Presiding Justice George C. Carlson Jr. of Batesville is chair of the 22-member commission. Its members include trial judges, appellate judges, lawyers, law professors and lay persons.

The court order creating the commission says, “Recognizing that clear and understandable jury instructions are essential to the fair and efficient administration of justice and that a thorough review of the instructions used in our courts is needed, the Supreme Court of Mississippi does hereby establish the Mississippi Model Jury Instructions Commission. The Commission is charged to conduct a comprehensive examination of jury instructions now in use and to recommend to the Supreme Court revised, modified and simplified instructions as needed. Emphasis is to be on instructions which give jurors guidance as to the law applicable to the cases before them in clear and concise language understandable to the jurors without legal training. It is expected that as a result of the work of the Commission there will be created a set of improved instructions for use in both civil and criminal litigation in our courts.”

The order creating the commission did not set a time frame for the completion of the study and recommendations.
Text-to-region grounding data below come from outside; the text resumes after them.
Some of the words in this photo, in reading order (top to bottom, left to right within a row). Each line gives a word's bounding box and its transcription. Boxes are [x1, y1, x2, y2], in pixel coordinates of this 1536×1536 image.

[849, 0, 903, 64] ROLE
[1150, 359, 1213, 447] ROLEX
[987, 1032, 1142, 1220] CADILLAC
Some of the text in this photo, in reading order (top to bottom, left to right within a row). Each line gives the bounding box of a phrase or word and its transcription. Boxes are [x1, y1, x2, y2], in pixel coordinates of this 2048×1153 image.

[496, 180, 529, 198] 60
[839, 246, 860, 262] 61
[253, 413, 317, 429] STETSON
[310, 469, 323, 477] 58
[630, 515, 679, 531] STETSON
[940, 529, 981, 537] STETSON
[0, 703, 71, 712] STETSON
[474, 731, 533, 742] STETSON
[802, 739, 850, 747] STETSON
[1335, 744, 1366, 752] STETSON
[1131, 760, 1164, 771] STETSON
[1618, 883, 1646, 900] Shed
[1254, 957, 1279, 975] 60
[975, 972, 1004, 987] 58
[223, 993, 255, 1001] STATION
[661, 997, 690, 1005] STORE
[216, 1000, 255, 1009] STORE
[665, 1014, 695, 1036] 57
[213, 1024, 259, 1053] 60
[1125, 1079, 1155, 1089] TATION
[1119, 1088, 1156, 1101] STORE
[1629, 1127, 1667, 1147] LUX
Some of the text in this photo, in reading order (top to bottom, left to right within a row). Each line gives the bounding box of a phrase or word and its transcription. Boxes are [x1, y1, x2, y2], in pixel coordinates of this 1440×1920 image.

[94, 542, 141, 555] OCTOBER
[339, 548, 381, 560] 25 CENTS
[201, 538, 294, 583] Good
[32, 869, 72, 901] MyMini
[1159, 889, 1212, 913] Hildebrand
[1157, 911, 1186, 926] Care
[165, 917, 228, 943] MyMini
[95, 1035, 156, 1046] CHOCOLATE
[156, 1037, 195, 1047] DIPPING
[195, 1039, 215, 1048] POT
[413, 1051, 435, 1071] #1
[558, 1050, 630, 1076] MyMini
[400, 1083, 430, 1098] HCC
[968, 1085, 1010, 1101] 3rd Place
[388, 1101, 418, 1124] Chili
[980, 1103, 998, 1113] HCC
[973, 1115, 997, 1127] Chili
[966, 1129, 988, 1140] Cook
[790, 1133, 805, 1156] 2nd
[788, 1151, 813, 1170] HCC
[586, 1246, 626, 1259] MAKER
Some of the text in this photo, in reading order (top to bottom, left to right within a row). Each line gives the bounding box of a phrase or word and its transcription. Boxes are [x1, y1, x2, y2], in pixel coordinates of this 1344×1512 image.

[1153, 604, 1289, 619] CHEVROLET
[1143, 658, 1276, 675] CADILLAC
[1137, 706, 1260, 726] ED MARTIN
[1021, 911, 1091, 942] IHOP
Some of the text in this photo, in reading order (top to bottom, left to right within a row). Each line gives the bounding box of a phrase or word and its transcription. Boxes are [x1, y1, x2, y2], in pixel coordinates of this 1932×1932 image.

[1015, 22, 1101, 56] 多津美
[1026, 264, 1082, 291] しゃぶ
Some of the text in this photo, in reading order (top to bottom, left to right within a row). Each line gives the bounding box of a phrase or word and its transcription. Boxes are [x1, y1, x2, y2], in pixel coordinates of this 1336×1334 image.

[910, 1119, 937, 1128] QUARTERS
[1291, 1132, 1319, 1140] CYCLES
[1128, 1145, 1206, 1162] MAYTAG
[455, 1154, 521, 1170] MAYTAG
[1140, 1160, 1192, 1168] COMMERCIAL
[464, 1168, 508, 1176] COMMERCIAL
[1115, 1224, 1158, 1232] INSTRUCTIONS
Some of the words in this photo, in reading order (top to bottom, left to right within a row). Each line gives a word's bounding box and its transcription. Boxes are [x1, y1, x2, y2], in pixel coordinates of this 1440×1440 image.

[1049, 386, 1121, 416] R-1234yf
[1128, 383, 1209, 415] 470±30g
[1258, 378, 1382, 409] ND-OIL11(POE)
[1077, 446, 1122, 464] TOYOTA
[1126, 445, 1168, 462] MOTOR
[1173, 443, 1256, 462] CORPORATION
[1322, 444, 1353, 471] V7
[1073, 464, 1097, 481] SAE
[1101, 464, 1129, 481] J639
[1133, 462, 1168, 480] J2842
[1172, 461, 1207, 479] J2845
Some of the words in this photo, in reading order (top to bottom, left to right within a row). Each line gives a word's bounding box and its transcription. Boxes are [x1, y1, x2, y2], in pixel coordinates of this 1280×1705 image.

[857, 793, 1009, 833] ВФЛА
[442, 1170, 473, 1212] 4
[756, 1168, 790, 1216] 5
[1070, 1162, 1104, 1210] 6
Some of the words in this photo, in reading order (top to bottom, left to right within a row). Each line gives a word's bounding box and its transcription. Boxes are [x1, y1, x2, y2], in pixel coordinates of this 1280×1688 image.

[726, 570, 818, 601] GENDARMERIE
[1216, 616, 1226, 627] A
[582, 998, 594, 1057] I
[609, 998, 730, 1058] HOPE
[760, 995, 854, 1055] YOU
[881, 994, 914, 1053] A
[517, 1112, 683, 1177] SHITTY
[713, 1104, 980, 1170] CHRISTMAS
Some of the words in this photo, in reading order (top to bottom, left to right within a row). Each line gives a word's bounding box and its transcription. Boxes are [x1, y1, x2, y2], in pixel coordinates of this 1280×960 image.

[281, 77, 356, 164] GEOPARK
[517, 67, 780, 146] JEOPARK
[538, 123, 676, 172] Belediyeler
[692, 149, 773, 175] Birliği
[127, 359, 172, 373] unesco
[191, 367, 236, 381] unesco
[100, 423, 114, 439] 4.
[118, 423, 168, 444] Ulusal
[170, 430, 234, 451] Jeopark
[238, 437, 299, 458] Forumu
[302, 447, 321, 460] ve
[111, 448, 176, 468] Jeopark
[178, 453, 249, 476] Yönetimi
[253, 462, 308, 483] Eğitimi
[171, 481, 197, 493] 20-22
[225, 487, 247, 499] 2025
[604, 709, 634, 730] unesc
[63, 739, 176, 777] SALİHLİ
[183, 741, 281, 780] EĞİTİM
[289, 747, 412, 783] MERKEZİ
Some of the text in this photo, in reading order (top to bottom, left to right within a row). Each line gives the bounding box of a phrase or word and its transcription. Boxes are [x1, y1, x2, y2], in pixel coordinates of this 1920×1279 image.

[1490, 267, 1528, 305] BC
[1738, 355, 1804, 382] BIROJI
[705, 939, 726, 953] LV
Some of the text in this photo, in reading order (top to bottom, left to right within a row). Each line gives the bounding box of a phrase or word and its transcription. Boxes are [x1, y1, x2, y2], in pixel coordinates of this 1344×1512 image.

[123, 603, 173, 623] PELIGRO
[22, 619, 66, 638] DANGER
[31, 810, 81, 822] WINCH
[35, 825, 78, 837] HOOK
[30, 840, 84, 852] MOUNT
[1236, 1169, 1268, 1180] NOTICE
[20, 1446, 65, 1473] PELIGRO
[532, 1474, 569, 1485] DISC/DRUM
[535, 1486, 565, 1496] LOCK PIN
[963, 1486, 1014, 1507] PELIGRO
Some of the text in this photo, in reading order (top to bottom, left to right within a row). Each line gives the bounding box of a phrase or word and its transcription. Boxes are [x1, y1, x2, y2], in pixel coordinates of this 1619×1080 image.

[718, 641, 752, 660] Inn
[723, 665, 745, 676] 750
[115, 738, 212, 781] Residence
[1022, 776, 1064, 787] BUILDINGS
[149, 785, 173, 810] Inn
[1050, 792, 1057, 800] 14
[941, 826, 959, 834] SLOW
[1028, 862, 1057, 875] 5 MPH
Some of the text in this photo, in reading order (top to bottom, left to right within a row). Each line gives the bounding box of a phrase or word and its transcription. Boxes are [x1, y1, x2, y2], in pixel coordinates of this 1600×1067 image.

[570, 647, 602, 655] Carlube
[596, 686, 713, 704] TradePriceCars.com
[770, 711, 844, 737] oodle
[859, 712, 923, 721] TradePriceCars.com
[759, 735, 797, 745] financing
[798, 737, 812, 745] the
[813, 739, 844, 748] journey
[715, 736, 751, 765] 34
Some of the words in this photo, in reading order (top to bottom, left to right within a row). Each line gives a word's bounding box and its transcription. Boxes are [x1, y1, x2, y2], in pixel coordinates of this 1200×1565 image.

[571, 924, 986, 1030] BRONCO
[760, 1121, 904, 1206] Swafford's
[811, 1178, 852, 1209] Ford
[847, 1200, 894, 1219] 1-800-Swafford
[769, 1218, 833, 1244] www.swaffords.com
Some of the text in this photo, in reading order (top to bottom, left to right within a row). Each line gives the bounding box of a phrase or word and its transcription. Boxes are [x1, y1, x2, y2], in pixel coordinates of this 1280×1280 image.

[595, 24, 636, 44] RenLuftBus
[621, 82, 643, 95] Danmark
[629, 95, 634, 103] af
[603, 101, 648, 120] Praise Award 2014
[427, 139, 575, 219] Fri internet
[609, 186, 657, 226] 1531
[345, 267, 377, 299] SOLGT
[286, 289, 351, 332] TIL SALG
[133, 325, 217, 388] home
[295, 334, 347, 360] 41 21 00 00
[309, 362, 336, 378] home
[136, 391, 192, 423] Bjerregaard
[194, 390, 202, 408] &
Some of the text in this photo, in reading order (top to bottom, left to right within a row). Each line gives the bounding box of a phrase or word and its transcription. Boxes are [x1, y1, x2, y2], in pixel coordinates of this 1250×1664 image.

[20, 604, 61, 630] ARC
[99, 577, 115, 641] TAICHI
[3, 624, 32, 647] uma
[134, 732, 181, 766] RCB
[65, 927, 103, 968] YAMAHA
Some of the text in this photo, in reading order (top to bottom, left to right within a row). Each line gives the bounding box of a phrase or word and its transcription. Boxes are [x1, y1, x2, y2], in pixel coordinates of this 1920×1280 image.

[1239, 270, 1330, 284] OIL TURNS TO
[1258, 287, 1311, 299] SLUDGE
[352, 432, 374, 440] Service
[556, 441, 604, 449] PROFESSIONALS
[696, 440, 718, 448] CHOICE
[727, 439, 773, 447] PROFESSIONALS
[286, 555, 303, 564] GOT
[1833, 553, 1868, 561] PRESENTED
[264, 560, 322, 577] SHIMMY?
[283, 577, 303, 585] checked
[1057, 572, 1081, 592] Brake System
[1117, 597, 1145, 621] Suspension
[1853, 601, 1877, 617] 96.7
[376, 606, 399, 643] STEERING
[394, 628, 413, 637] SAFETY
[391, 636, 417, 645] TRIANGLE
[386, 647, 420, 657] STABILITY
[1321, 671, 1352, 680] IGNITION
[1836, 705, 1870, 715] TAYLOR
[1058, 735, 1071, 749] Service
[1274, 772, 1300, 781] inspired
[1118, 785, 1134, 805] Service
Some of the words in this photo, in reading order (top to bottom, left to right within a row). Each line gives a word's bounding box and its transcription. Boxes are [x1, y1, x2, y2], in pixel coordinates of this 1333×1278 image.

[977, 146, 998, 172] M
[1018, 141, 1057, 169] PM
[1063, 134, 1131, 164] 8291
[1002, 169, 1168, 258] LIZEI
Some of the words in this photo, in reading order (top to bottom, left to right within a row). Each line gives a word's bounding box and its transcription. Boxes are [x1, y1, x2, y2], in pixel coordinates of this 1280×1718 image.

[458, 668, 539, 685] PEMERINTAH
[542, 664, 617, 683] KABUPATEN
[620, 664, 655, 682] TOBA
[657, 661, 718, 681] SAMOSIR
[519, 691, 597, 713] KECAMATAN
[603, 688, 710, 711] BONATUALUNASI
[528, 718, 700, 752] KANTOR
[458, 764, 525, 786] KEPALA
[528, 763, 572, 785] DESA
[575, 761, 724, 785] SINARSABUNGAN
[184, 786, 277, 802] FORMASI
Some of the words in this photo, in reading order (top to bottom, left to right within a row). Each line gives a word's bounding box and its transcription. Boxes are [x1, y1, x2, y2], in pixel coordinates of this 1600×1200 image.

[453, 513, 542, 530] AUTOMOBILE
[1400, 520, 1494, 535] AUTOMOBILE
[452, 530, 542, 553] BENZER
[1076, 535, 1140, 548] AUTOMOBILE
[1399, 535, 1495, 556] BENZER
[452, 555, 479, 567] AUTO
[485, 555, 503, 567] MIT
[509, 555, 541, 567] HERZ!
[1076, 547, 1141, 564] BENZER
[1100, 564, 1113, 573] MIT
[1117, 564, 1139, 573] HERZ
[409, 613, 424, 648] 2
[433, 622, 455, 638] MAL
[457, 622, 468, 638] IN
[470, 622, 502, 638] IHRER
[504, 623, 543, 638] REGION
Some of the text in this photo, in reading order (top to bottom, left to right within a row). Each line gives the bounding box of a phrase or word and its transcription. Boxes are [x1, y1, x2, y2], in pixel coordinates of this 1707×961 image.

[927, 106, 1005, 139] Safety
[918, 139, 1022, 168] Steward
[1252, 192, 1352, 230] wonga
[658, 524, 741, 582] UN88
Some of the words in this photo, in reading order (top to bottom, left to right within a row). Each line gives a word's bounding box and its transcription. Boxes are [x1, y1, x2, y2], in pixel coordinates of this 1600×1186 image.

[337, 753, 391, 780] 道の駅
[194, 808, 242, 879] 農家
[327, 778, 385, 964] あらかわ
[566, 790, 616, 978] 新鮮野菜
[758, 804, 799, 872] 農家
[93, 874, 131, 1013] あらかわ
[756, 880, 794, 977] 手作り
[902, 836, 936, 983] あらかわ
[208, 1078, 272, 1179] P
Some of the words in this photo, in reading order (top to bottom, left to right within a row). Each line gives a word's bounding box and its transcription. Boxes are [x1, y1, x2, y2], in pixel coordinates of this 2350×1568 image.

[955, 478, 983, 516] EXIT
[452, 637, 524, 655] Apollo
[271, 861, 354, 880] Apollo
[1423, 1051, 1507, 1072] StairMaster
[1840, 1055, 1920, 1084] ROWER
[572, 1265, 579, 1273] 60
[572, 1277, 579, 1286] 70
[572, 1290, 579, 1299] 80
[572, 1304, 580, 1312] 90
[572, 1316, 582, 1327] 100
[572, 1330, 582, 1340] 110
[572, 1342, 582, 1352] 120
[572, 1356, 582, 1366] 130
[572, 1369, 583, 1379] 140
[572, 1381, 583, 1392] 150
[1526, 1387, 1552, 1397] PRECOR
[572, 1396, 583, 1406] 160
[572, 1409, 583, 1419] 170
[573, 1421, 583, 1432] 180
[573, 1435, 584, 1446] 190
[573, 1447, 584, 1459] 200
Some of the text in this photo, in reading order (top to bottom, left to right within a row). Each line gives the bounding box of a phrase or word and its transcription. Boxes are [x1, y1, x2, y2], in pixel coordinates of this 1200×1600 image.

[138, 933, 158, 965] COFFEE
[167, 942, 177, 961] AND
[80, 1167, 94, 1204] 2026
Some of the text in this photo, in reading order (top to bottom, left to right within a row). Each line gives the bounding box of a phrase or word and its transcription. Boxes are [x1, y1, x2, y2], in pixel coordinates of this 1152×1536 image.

Other members of the Commission include: Court of Appeals Judge David M. Ishee, Gulfport; Circuit Judge James T. Kitchens Jr., Columbus; Circuit Judge Clarence E. Morgan III, Kosciusko; Circuit Judge Betty W. Sanders, Greenwood; County Court Judge Michael W. McPhail, Hattiesburg; attorney Ramel L. Cotton, Jackson, representing the Magnolia Bar Association; attorney C. Joy Harkness, Meridian, representing the Mississippi Bar; attorney Lance L. Stevens, Jackson, representing the Mississippi Association for Justice; attorney James R. Moore Jr., Ridgeland, representing the Mississippi Defense Lawyers Association; attorney James E. Lappan of the Mississippi Office of Capital Defense Counsel, Jackson, representing the Mississippi Public Defenders Association; Assistant Attorney General Charles W. Maris Jr., representing the Attorney General; Assistant District Attorney Archibald W. Bullard, Corinth, representing the Mississippi Prosecutors Association; Mississippi Judicial College Executive Director Cynthia D. Davis, Oxford; Mississippi Judicial College Staff Attorney Carole E. Murphey, Batesville; professor emeritus Guthrie T. Abbott, Oxford, representing the University of Mississippi School of Law; attorney Forrest W. Stringfellow, Jackson, representing the Mississippi College School of Law; Libby Riley, Meridian, representing the Governor; attorney R. Keith Foreman, Ridgeland, representing the Lieutenant Governor; businessman Jimmy Murphy, Booneville, representing the Speaker of the House; and at-large members attorney Merrida P. Coxwell Jr., Jackson; and attorney Philip W. Gaines, Jackson.